The optimal SPR sensing performance is characterized by a deep and sharp reflectance that is proportional to a low reflectivity and a full width at a half maximum (FWHM) value of 6. Optimizing the thickness of thin films reduces reflectivity by increasing energy transfer from incident light to surface plasmons [87]. A small FWHM value indicates the sharpness of an SPR reflectance curve obtained from a dielectric constant with a small imaginary part and a significant real part. Sensitivity, the figure of merit (FOM), and limit of detection (LOD) are three parameters used to evaluate the performance of an SPR-based sensor. Sensitivity is determined by the shift in the resonance angle caused by the refractive index changes caused by the presence of the analyte near the sensing surface. The FOM is calculated by dividing the sensitivity value by the FWHM. Finally, the LOD establishes the lowest detectable concentration of the targeted analyte. The LOD can be calculated as LOD = ∆λ/S, where ∆λ is the wavelength resolution of the spectrometer and S is the sensor sensitivity [85].

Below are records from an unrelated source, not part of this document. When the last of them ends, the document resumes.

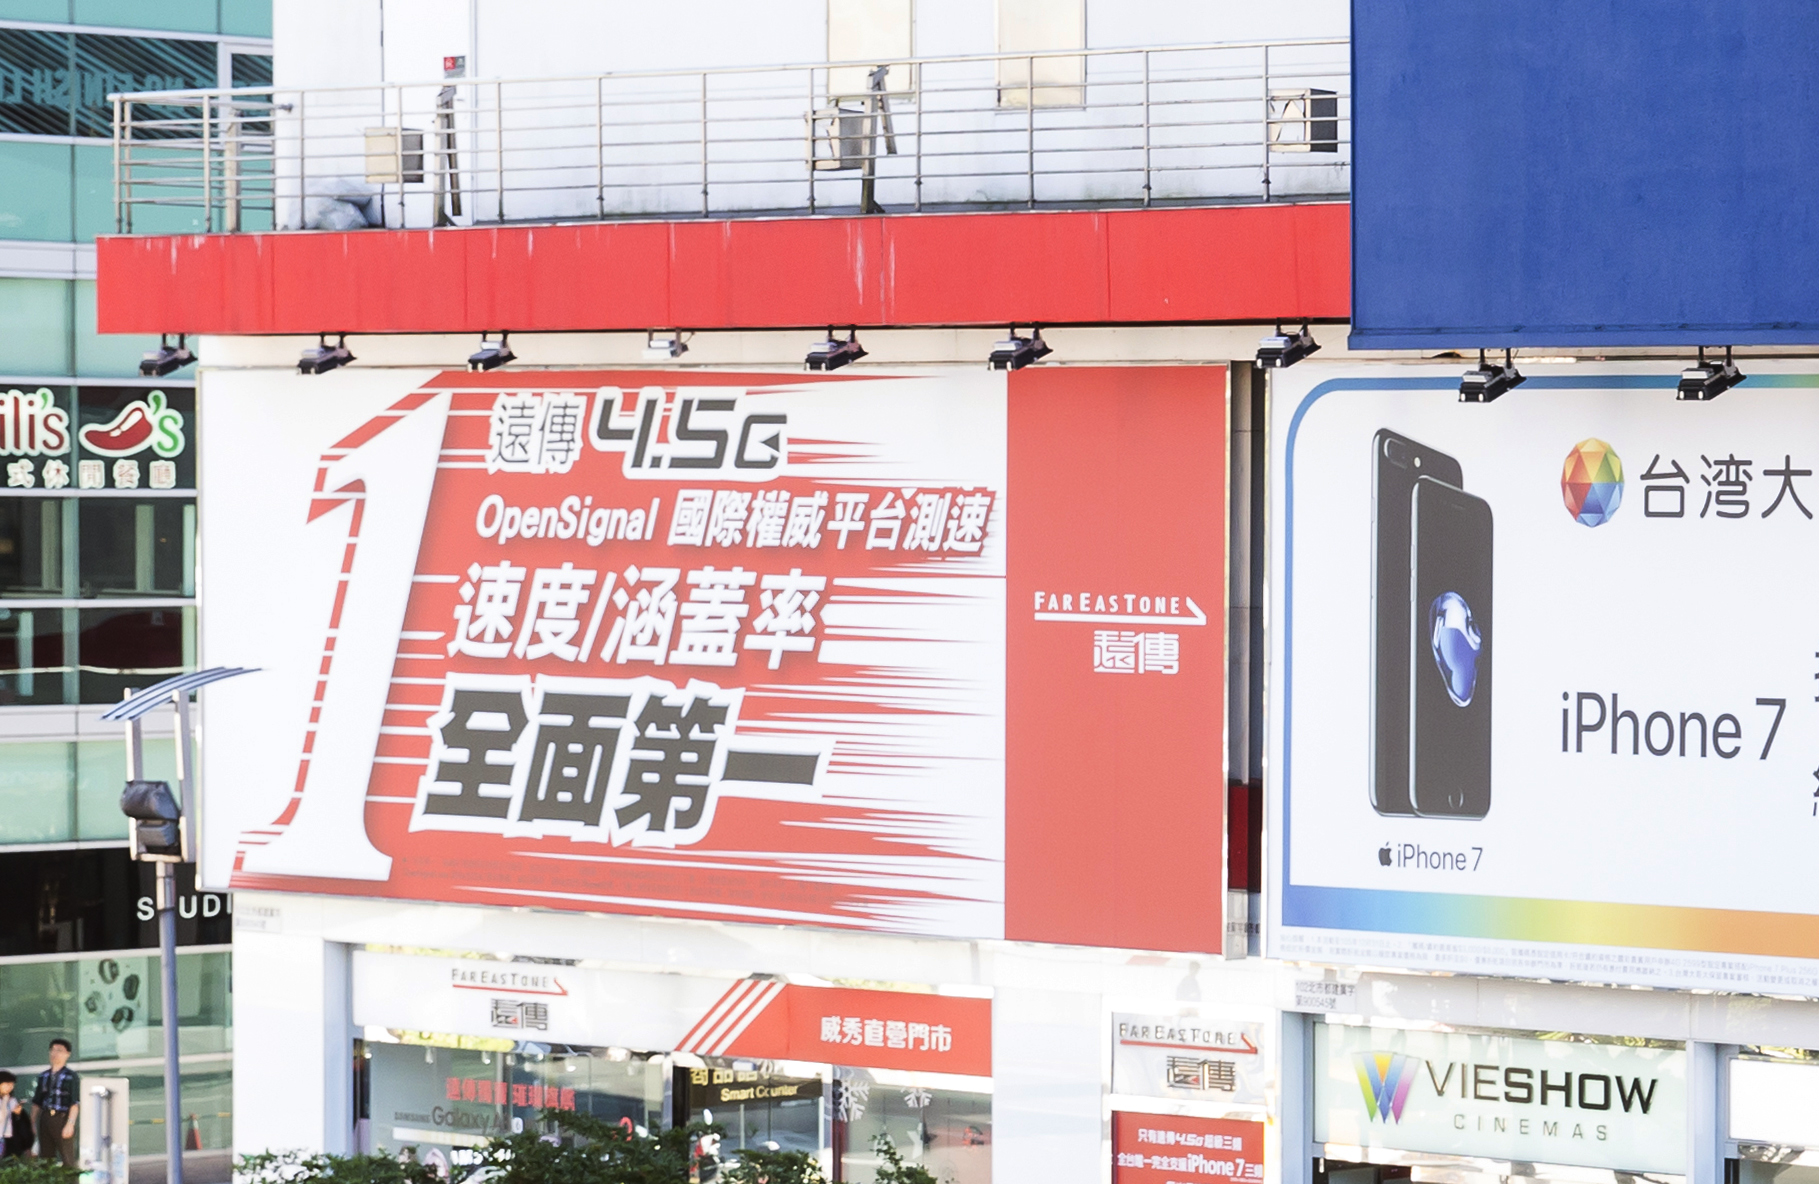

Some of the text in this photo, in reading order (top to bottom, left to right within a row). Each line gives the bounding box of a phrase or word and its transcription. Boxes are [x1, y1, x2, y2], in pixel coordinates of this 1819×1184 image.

[490, 394, 586, 471] 遠傳
[475, 489, 988, 553] OpenSignal 國際權威平台測速
[447, 562, 831, 669] 速度/涵蓋率
[1561, 691, 1787, 761] iPhone 7
[417, 682, 832, 834] 全面第一
[1396, 843, 1483, 872] iPhone 7
[820, 1016, 953, 1052] 威秀直營門市
[720, 1087, 754, 1102] Smart
[1425, 1058, 1658, 1115] VIESHOW
[1454, 1112, 1609, 1142] CINEMAS
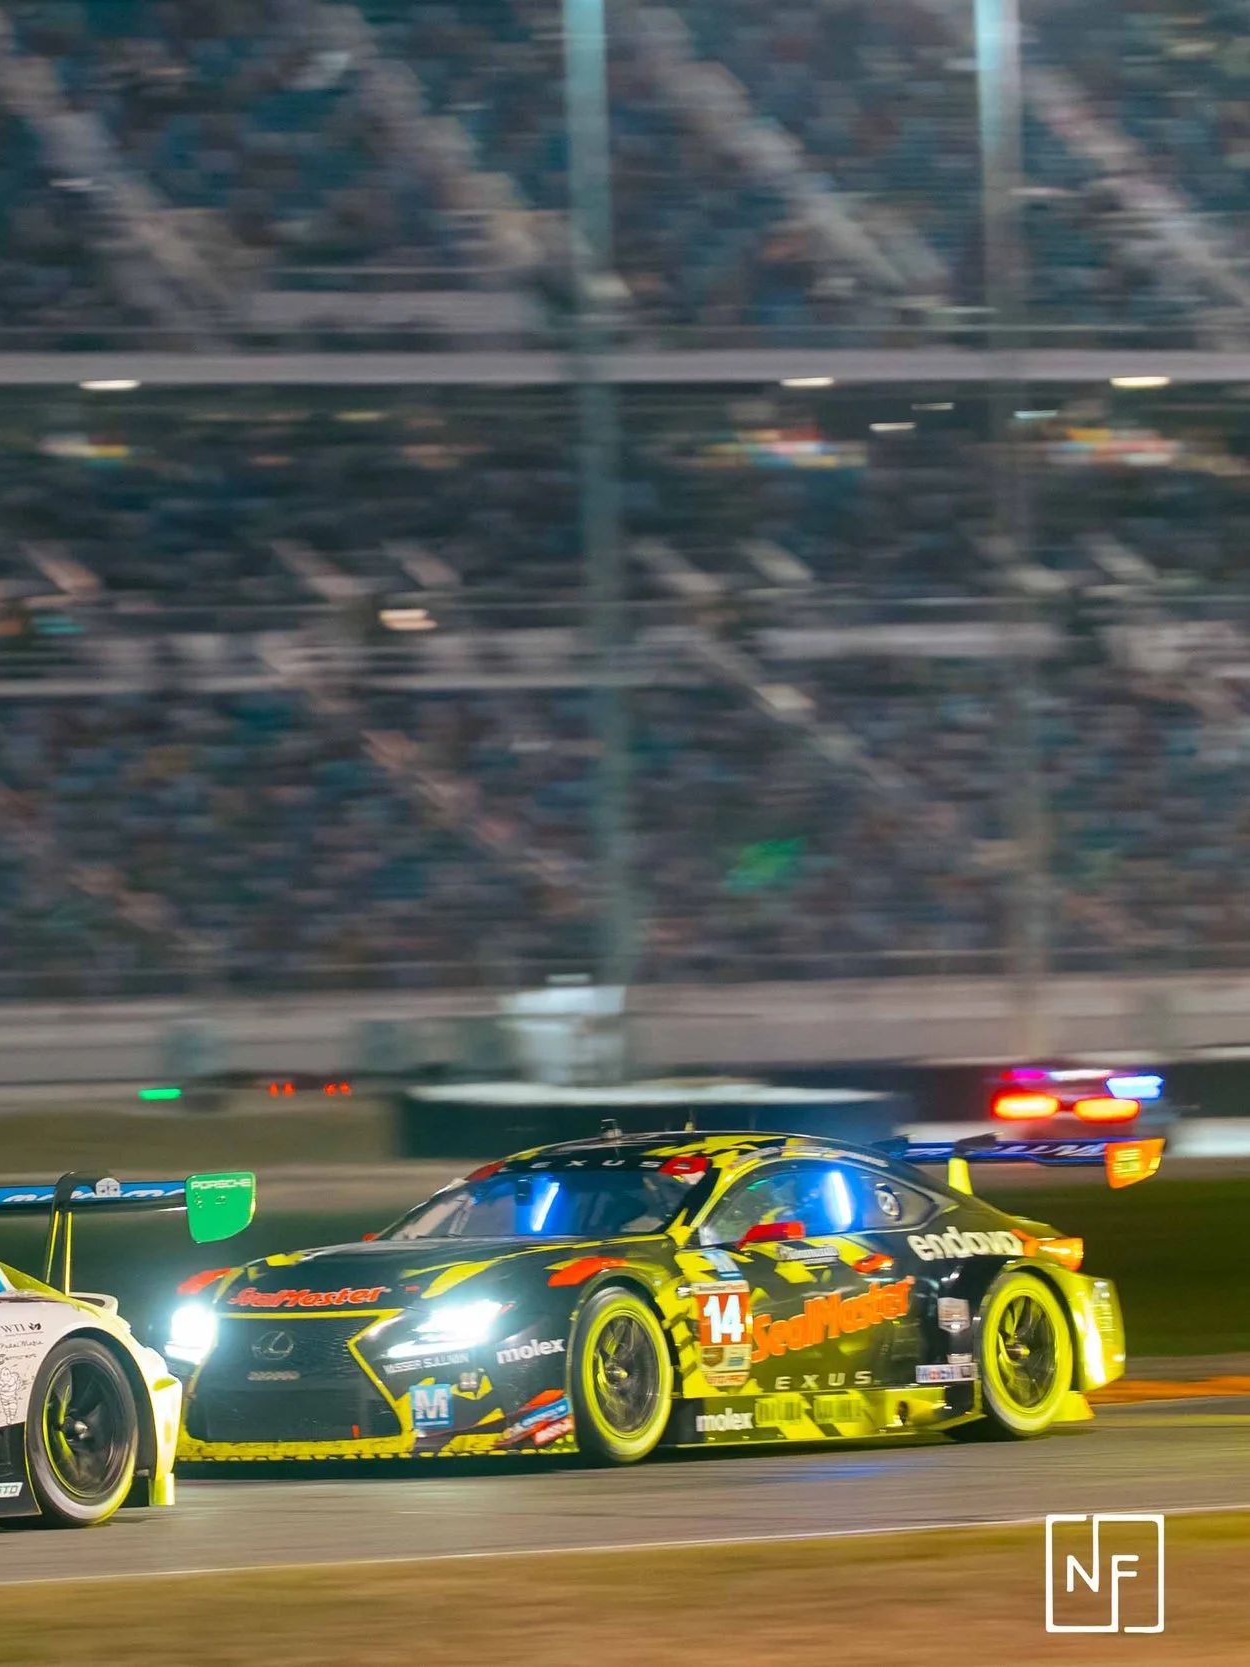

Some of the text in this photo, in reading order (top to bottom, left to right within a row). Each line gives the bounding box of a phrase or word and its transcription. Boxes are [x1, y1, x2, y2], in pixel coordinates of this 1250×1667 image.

[190, 1179, 251, 1190] PORSCHE
[703, 1294, 745, 1344] 14
[751, 1276, 916, 1364] SealMaster
[496, 1338, 567, 1364] molex
[414, 1389, 450, 1420] M
[695, 1407, 754, 1432] molex
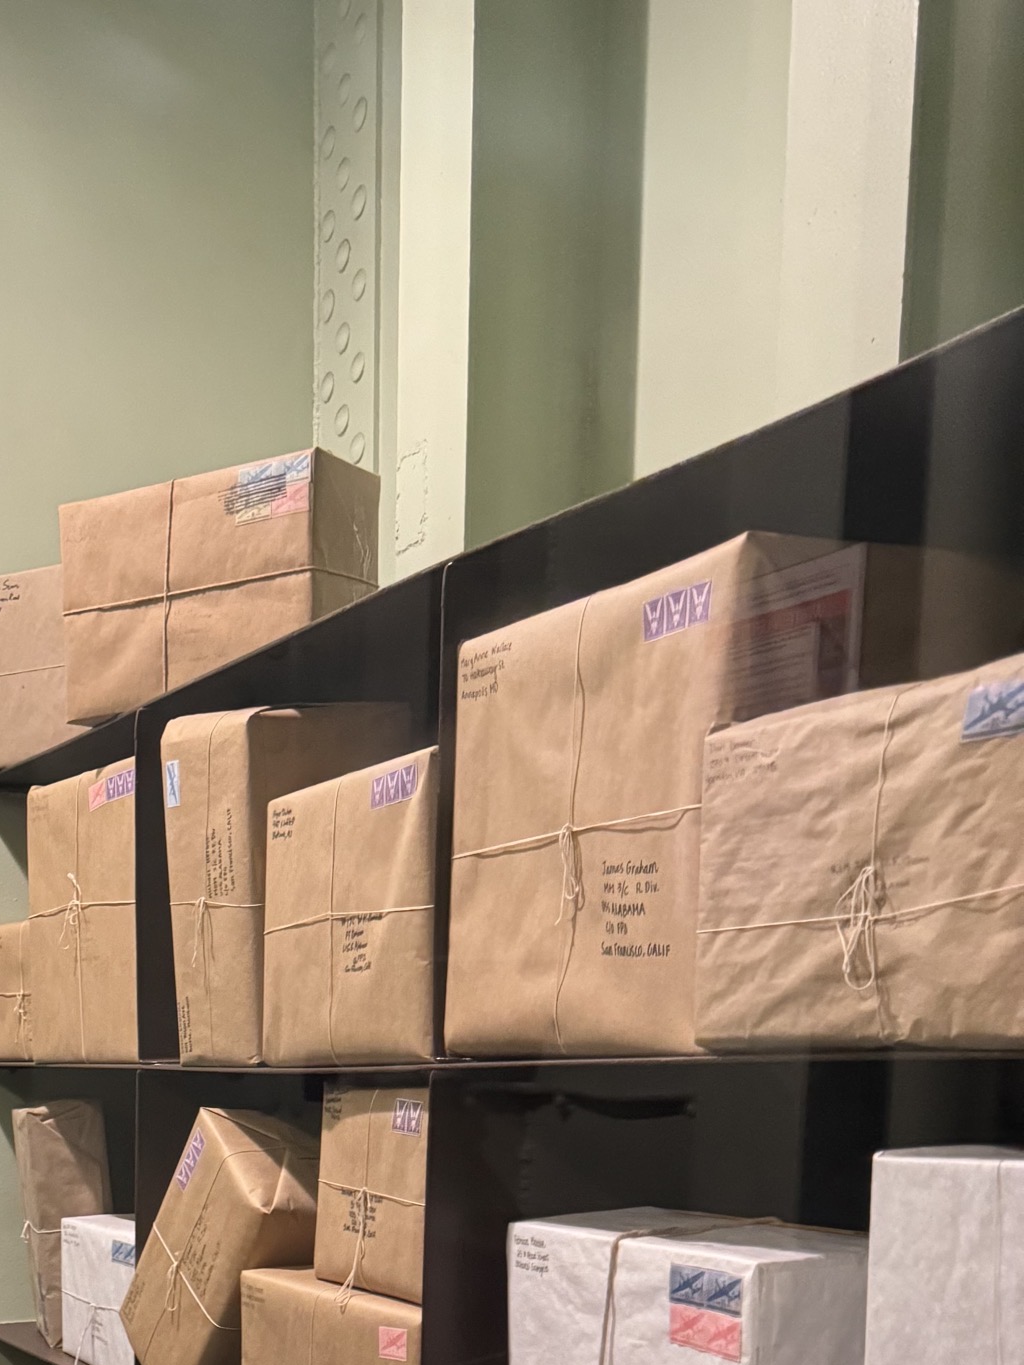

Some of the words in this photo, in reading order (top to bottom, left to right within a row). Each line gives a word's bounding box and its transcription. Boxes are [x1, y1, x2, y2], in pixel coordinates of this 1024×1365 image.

[602, 860, 624, 876] James
[626, 859, 659, 876] Graham
[611, 902, 646, 918] ALABAMA
[601, 941, 614, 956] San
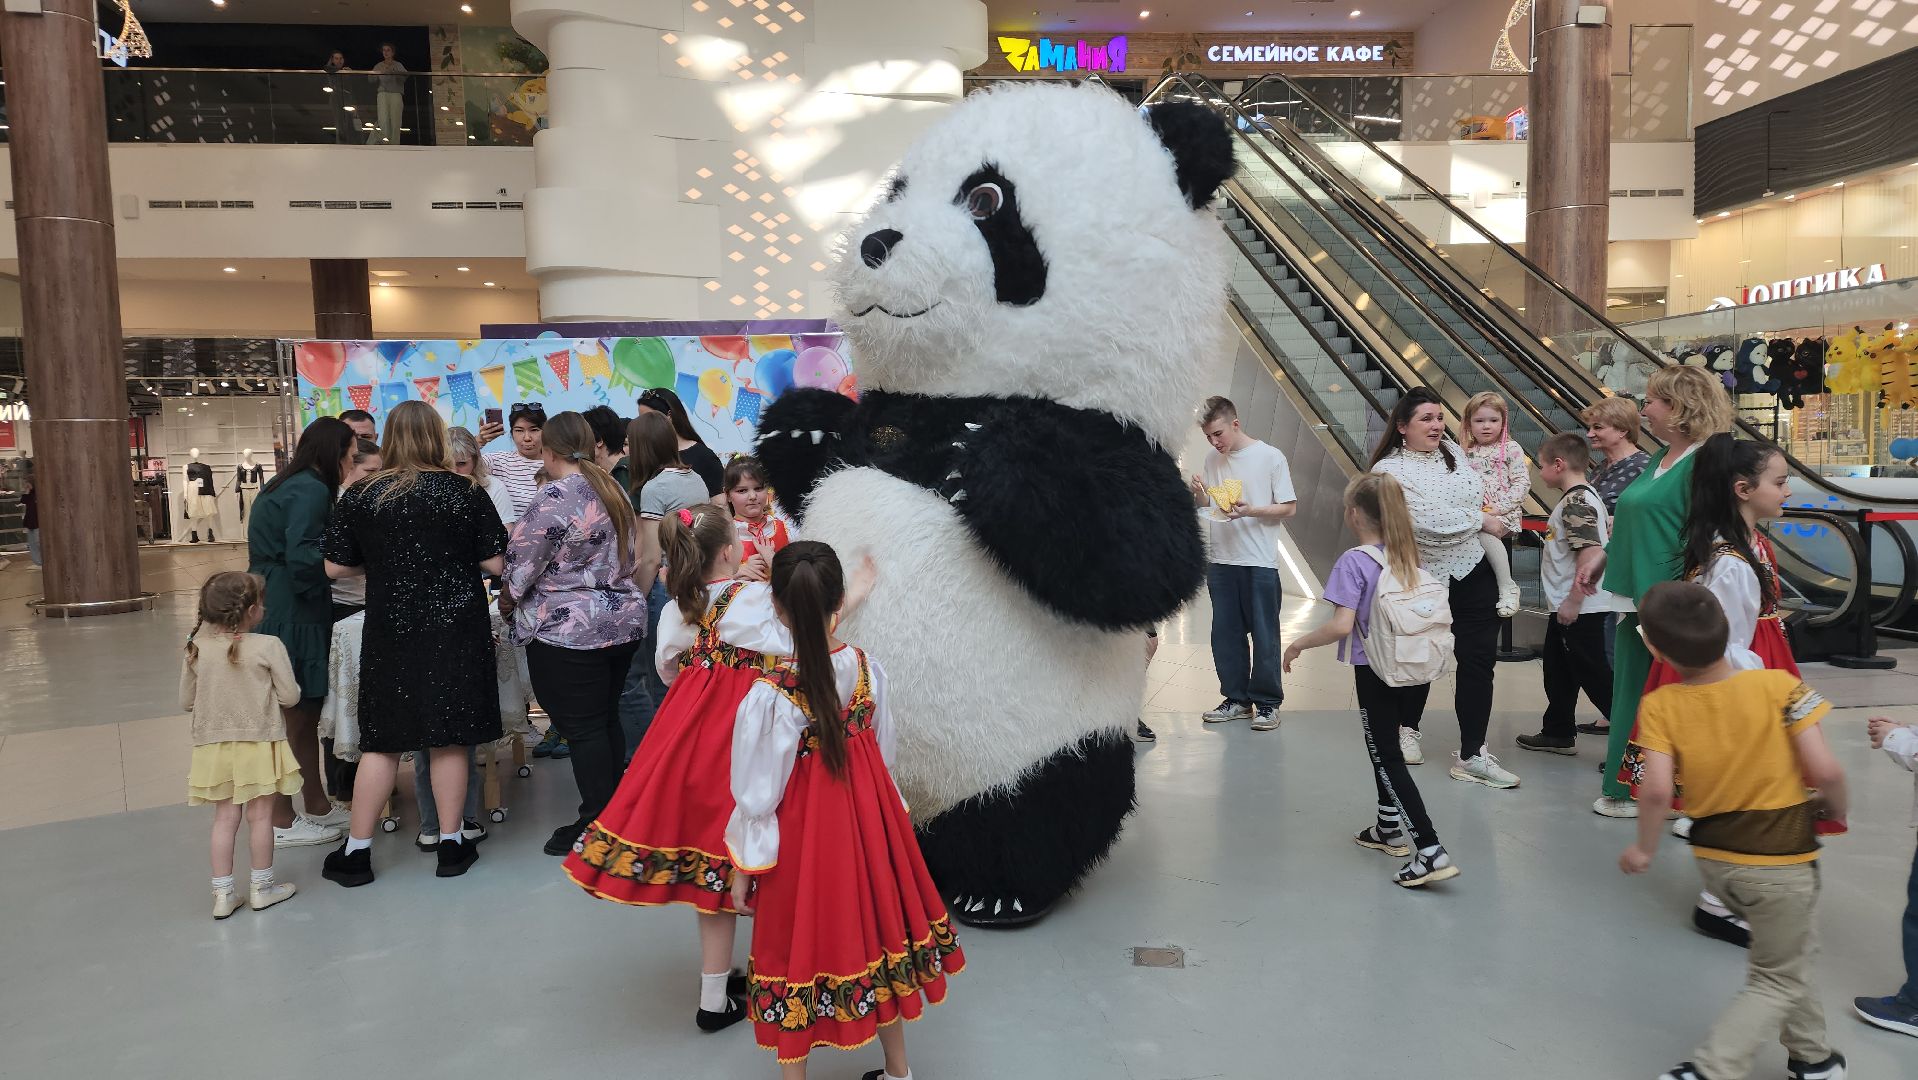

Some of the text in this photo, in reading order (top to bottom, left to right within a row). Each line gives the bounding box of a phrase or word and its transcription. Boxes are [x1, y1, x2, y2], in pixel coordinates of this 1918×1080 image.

[1208, 43, 1384, 62] СЕМЕЙНОЕ КАФЕ
[1748, 263, 1887, 304] ОПТИКА

3.1. SPR-Based Sensor for Detection of Kidney Problems
The rise in prevalence of kidney diseases such as CKD and ESRD among global public health concerns have resulted in significant problem, which has resulted in several negative consequences, including weakness, swelling, poor sleep, nausea, coma, and eventually death [1–4]. Patients with these complications will require dialysis or a kidney transplant [1, 2]. Thus, in recent years, interest in developing medical technology for early detection or monitoring kidney problems has grown. Identifying the detection variable (analyte) for kidney problems is necessary to initiate or monitor treatment. Among various markers, urea and creatinine are the most frequently used analytes for diagnosing and monitoring kidney problems due to their ability to define kidney function by representing the glomerular filtration rate (GFR) [65]. Increased urea and creatinine levels in human blood indicate kidney problems [66].
Table 1 summarizes reports of SPR-based sensors for a variety of detection targets associated with kidney problems. Menon et al. used Kretschmann-based 50 nm thick gold film SPR sensors to compare nonenzymatic and enzymatic samples for urea and creatinine detection [55]. Urease and creatinase are used in the enzymatic samples to detect urea and creatinine, respectively. This enzyme was used as a bioreceptor, detecting specific analytes and thus improving sensor selectivity. The enzymatic samples were prepared by mixing the urea and creatinine with urease and creatinase in an aqueous solution, respectively. Urea and creatinine detection concentration ranges are 50–800 mM and 10–200 mM, respectively. Nonenzymatic samples have sensitivities of 1.4 × 10−3°/M and 4 × 10−3°/mM to 670 nm wavelength exposure for urea and creatinine, respectively. The enzymatic samples have sensitivities of 1.62 × 10−2°/mM for urea-urease samples and 1 × 10−2°/mM for creatinine-creatinase samples. The increased sensitivity for both enzymatic samples is attributed to urease and creatinase acting as a ligand for urea and creatinine analytes, which aids in capturing analytes to the sensing surface. As illustrated in Figure 2, the presence of ligand results in a greater shift of the resonance angle, resulting in increased sensitivity for the device [55].
Table 1
Recent progress on SPR-based sensors for a variety of detection targets associated with kidney problems.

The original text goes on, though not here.